02 December, 2009

Your Daily Dose of Health Care Reform Stupidity

Mah book is here!  Mah book is finally here!  So let's make this short and sweet, cuz I gotz readin to do.

With health care reform hitting the Senate floor, Steve Benen has a rundown on some of the idiots standing in its way

Grassley admits he lived off the public tit, but still rails against Americans having health care.

Virginia Foxx, character assassin, denounces supposed liberal character assassins.  Oh, puh-leeze.

Dick Lugar thinks we should delay health care reform until next year.  They really don't know anything but the same ol' tunes, do they?

Let's talk about some of the amendments on offer.  Ben Nelson's pulling a StupakJohn McCain's amendment amounts to nothing more than a big, wet kiss to the insurance industry.  But here's an amendment you can root for: Patrick Leahy's trying to get the insurance companies' anti-trust exemption axed.  Go, Patrick!  Loves me some fighting Irish!

And, the most fun health care reform news o' the day: Coburn's had hisself an Alan Grayson moment:
Back in September, Rep. Alan Grayson (D-Fla.) caused quite a stir.
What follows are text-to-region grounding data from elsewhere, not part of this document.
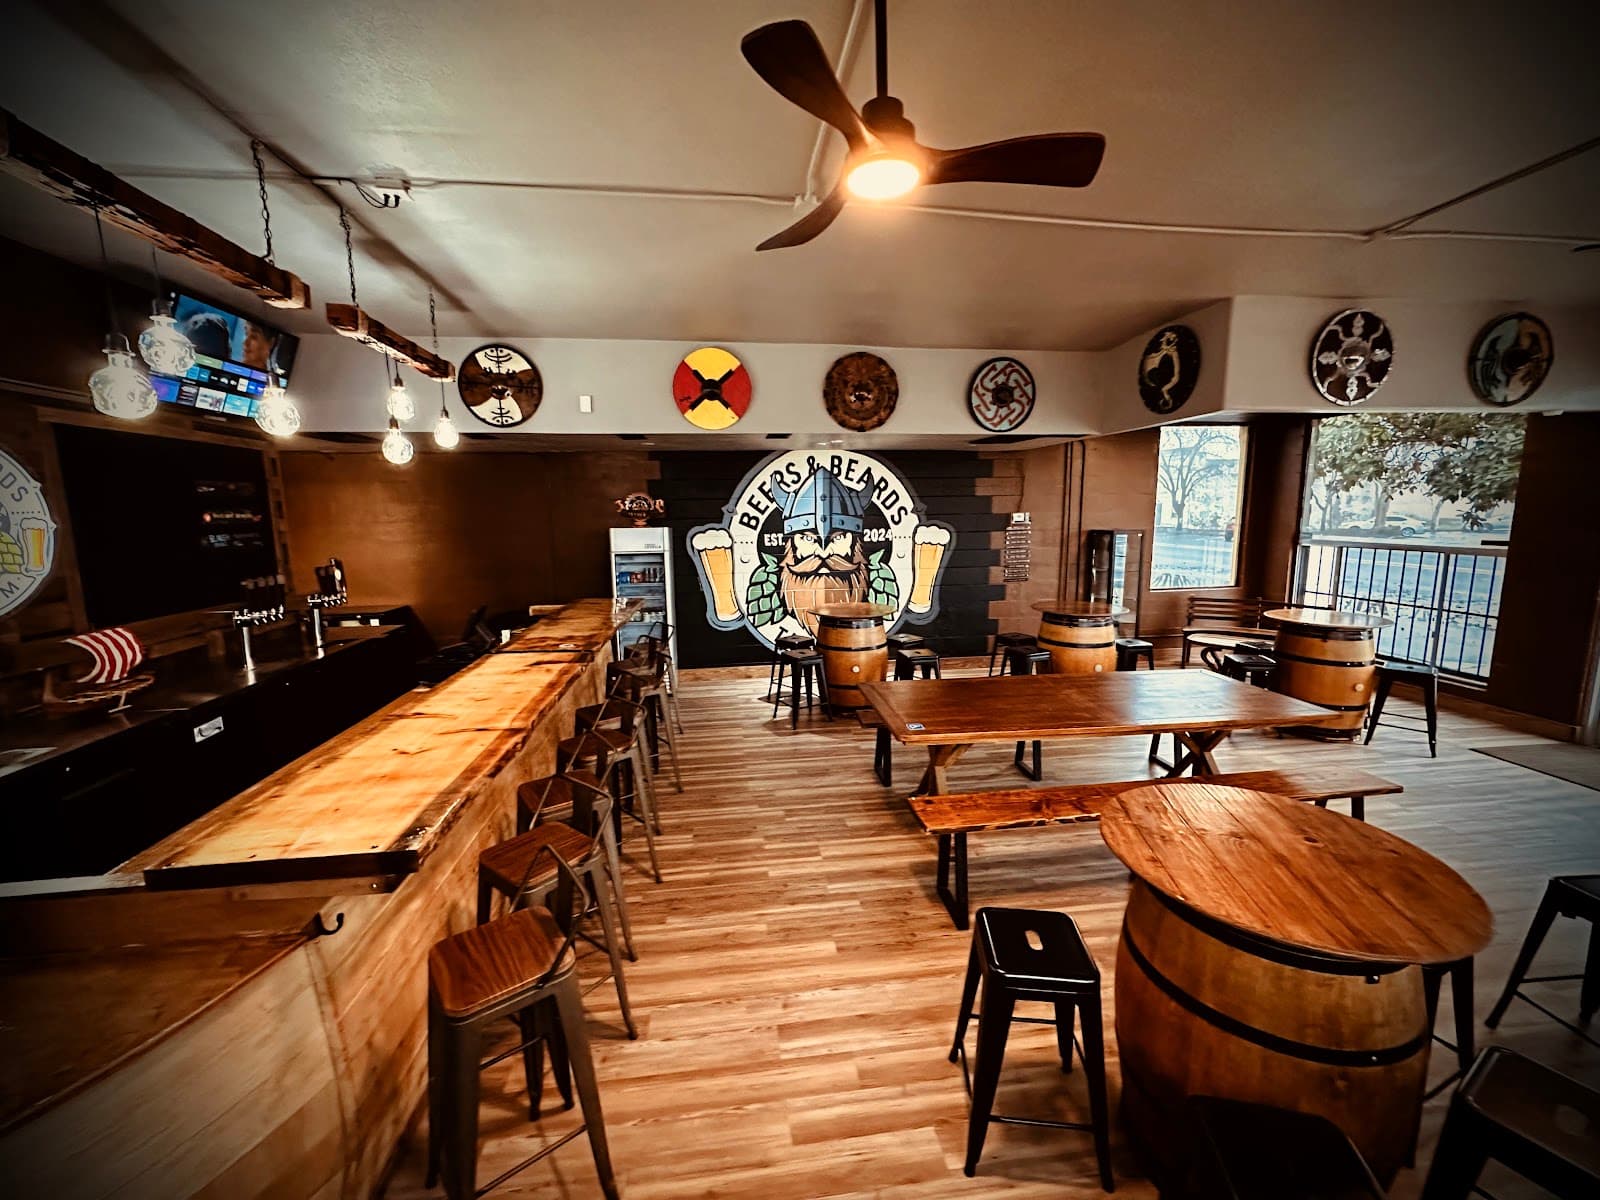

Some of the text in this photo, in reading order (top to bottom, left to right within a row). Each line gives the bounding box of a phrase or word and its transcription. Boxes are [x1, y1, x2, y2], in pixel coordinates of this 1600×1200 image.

[739, 455, 908, 531] BEERS & BEARDS
[763, 528, 893, 547] EST. 2024
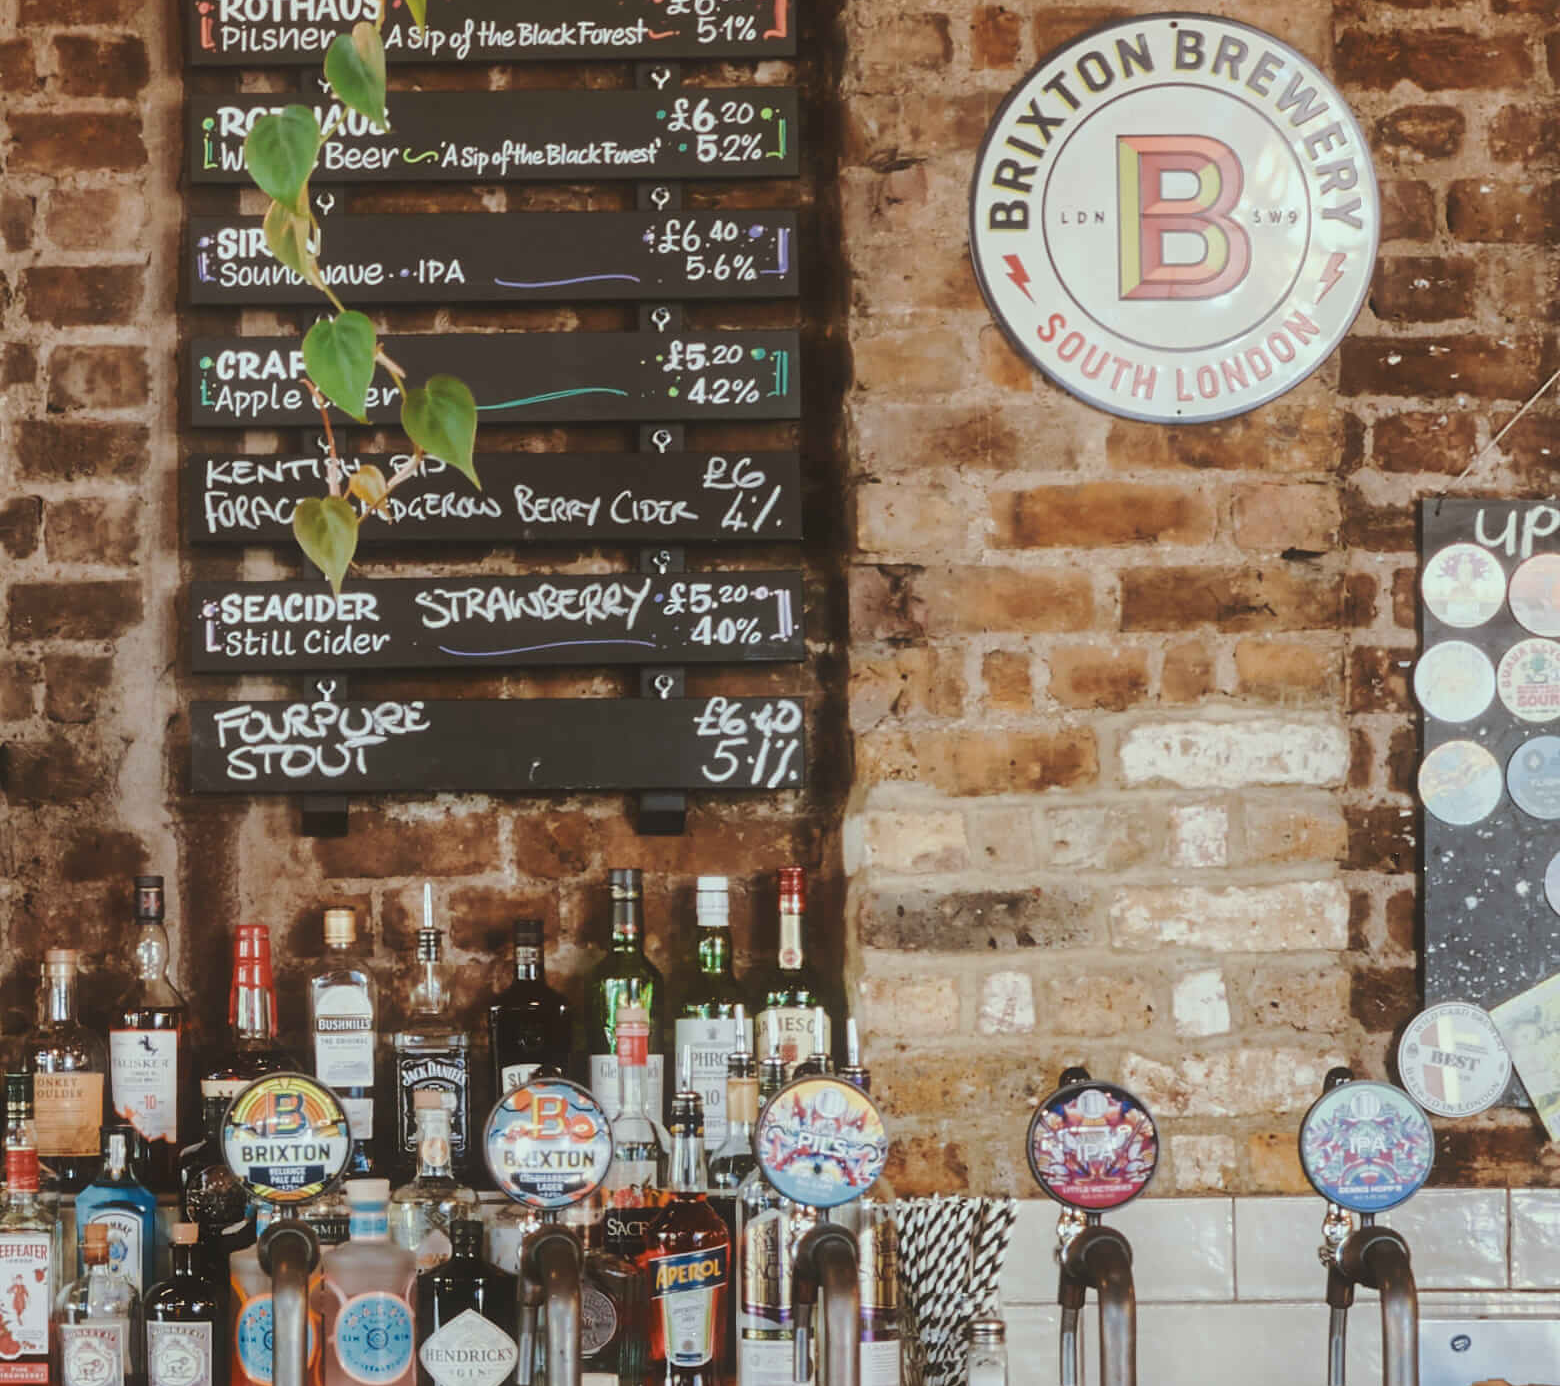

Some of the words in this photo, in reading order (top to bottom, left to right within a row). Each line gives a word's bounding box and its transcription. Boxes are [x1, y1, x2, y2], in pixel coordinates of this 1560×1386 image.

[221, 23, 336, 53] Pilsner
[449, 19, 475, 60] of
[478, 21, 516, 48] the
[517, 21, 576, 47] Black
[578, 17, 649, 47] Forest
[987, 32, 1156, 232] BRIXTON
[1173, 29, 1365, 231] BREWERY
[323, 142, 400, 171] Beer
[1060, 209, 1106, 225] LDN
[1115, 133, 1252, 302] B
[417, 258, 466, 285] IPA
[1036, 312, 1158, 402] SOUTH
[1175, 309, 1321, 403] LONDON
[214, 384, 303, 413] Apple
[701, 456, 767, 491] £6
[514, 484, 601, 526] BERRY
[610, 489, 699, 525] CIDER
[1473, 506, 1560, 557] UP
[220, 592, 380, 624] SEACIDER
[414, 577, 652, 631] STRAWBERRY
[225, 628, 297, 657] Still
[304, 627, 391, 656] Cider
[226, 732, 388, 780] STOUT
[1430, 1050, 1482, 1073] BEST
[241, 1143, 331, 1163] BRIXTON
[655, 1258, 722, 1290] APEROL
The freshman Democrat had the audacity to argue, on the House floor no less, that the conservative approach to health care is a joke: "Don't get sick. That's what the Republicans have in mind. And if you get sick America, the Republican health care plan is this: die quickly."


The GOP and its allies were outraged. The media held Grayson up as an example of incivility in our politics. He made it sound, the argument went, as if Republican policies are literally life threatening. The remarks, conservatives said, crossed a line of decency -- no one should accuse their rivals of promoting lethal health care policies.

I can only assume, then, that Republican officials and their allies will rush out today to condemn Sen. Tom Coburn (R) of Oklahoma, who returned to the macabre as part of the debate over health care reform this afternoon.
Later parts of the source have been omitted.